» What to produce
From the first line to the last, output the material exactly.
Start of Block
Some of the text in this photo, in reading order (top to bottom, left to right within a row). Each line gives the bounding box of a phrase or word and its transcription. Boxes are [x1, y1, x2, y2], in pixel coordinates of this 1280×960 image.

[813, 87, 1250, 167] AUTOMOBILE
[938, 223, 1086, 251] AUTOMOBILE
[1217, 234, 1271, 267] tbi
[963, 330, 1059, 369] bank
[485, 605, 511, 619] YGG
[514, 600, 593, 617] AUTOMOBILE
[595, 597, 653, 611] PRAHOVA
End of Block
» Output of the exercise
Some of the text in this photo, in reading order (top to bottom, left to right within a row). Each line gives the bounding box of a phrase or word and its transcription. Boxes are [x1, y1, x2, y2], in pixel coordinates of this 1280×960 image.

[813, 87, 1250, 167] AUTOMOBILE
[938, 223, 1086, 251] AUTOMOBILE
[1217, 234, 1271, 267] tbi
[963, 330, 1059, 369] bank
[485, 605, 511, 619] YGG
[514, 600, 593, 617] AUTOMOBILE
[595, 597, 653, 611] PRAHOVA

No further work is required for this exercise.